By Barani Krishnan
Investing.com -- Crude markets rose for a fourth time in five days, hitting a high of almost $125 a barrel for a three-month peak, as oil bulls wagered on the rally continuing after positive data on U.S. gasoline consumption set aside fears of demand destruction from record high fuel prices.
China’s emergence from Covid scares could boost greater demand for oil from the world’s largest importer of the commodity, while an oil workers’ strike in Norway this weekend threatens to further curb global supplies, traders said.
“The market remains extremely tight and that is keeping the upward pressure on crude prices,” Craig Erlam, analyst at online trading platform OANDA, said.
London-traded Brent, the global benchmark for crude, was up $3.01, or 2.5%, at $123.58 a barrel.
Brent earlier hit an intraday high of $124.38, its highest since 14-year peaks of above $130 reached on March 9 after the invasion of Ukraine that triggered Western sanctions on Russian oil that upended the global energy market. The global crude benchmark is up almost 60% so far for this year.
West Texas Intermediate, the New York-traded benchmark for U.S. crude, settled up $2.70, or 2.3%, at $122.11 per barrel, after a session high of $123.15. Year-to-date, the U.S. crude benchmark is up more than 62%.
Wednesday’s rally came after the Energy Information Administration reported that U.S, gasoline inventories fell last week by 812,000 barrels against market expectations for a build of 1.08 million barrels.
The EIA said gasoline production increased last week, averaging 10 million barrels per day. But gasoline supplied to the market — a measure of demand for America’s main automobile fuel — averaged 9 million barrels daily, down by less than 1% from the same period last year.
Oil bulls pounced on that data, ignoring higher stockpiles for crude oil and distillates reported by the EIA.
Crude inventories rose by 2.03 million barrels against a forecast decline of 1.92 million and against the previous week’s drawdown of 5.07 million.
Balances of distillates — or middle-of-the-barrel oil that is refined into diesel for trucks, buses, trains and ships; fuel for airplanes and heating oil for homes — rose by 2.59 million barrels versus a projected build of 1.06 million and the previous week’s draw of 530,000 barrels.
Exports of U.S. crude also showed a staggering drop, falling to 2.23 million barrels daily from the previous week’s level that was just shy of 4 million barrels a day.
“It’s a question of cherry-picking the data you want and the long-end of the market has got its nose completely buried in gasoline now, which are showing weekly net draws despite record pump prices,” said John Kilduff, partner at New York energy hedge fund Again Capital.
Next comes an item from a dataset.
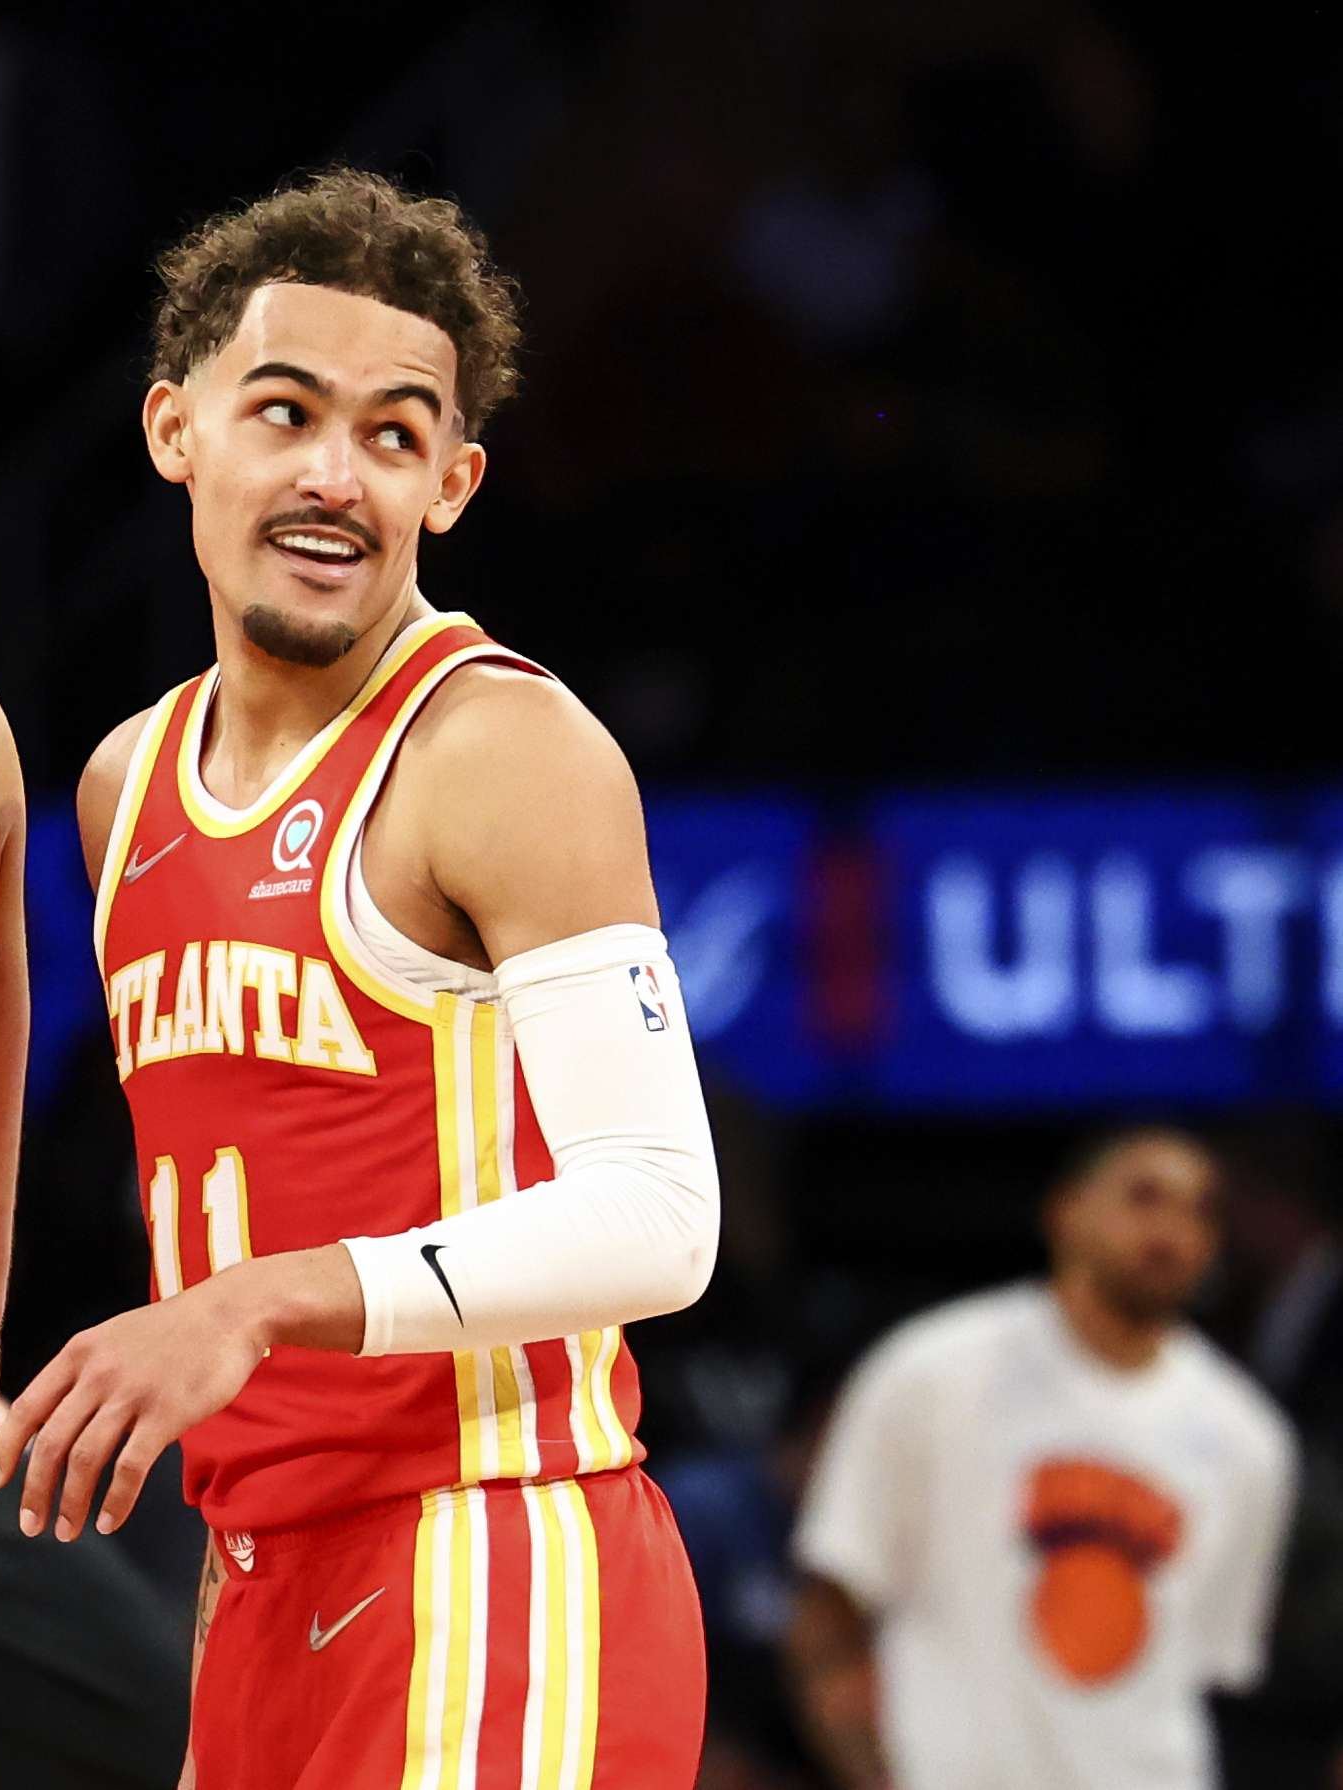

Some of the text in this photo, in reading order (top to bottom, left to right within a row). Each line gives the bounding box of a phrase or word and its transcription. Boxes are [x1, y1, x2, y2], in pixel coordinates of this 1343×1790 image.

[248, 878, 314, 899] sharecare
[105, 940, 378, 1084] TLANTA
[149, 1145, 254, 1301] 11
Gasoline averaged a record high of $4.955 a gallon at U.S. pumps on Wednesday, up from $3.060 a year ago. Diesel averaged an all-time high of $5.719 versus the year-ago level of $3.201 per gallon.
Average prices aside, many U.S. pumps are already selling gasoline at well above $5, with one in Mendocino, about 150 miles north of San Francisco, reportedly asking just 40 cents shy of $10 a gallon. Diesel in many parts of the U.S. West Coast, particularly California, already retails at above $6.
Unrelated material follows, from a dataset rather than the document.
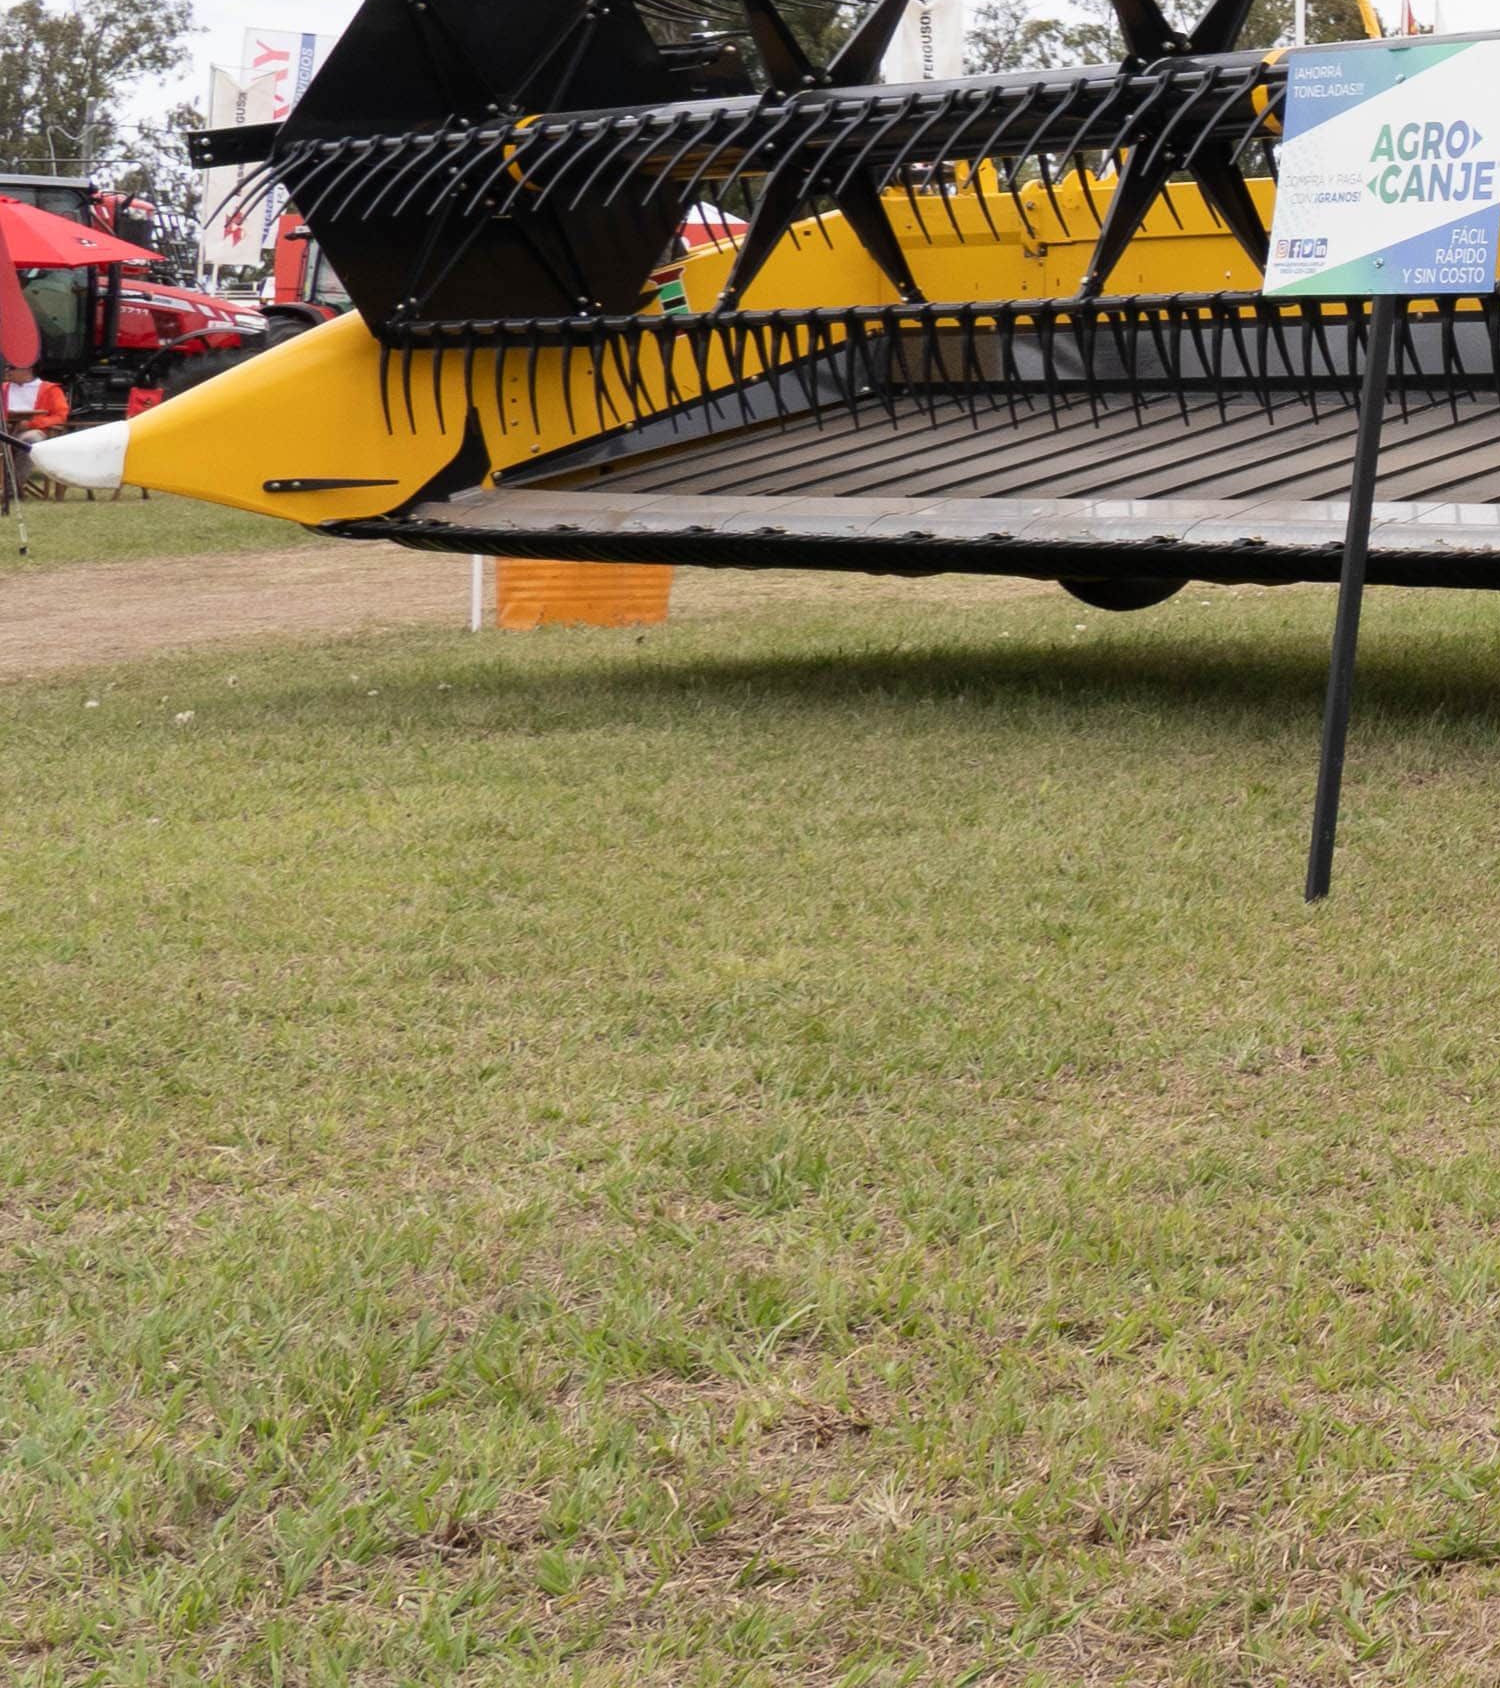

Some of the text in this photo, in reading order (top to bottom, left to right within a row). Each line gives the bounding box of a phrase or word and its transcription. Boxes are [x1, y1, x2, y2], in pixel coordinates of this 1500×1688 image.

Also boosting sentiment in oil was EIA data showing the US Strategic Petroleum Reserve falling by a record of more than 7 million barrels last week, some two million more a week than in mid-May, as the Biden administration increasingly relies on the emergency oil reserve to reduce a supply deficit and tamp down all-time highs in fuel prices.
The SPR’s balance stood at 519.3 million barrels for the week ended June 3, down 7.3 million barrels from the prior week to May 27, the Energy Information Administration (EIA) said in its Weekly Petroleum Status Report released Wednesday.
The drawdown compares with the 5 million barrels taken out of the oil reserve during the week to May 13.
The SPR balance itself remained at 35-year lows, hitting a trough last seen in March 1987.
“Weekly SPR draws are likely to remain around these levels or maybe go even a little higher based on the outflows scheduled between the end of May and October,” said Again Capital’s Kilduff.
The Biden administration is in the process of withdrawing some 180 million barrels from the SPR between May and October in a bid to ease the supply gap in crude and dampen some of the surge in pump prices of fuel.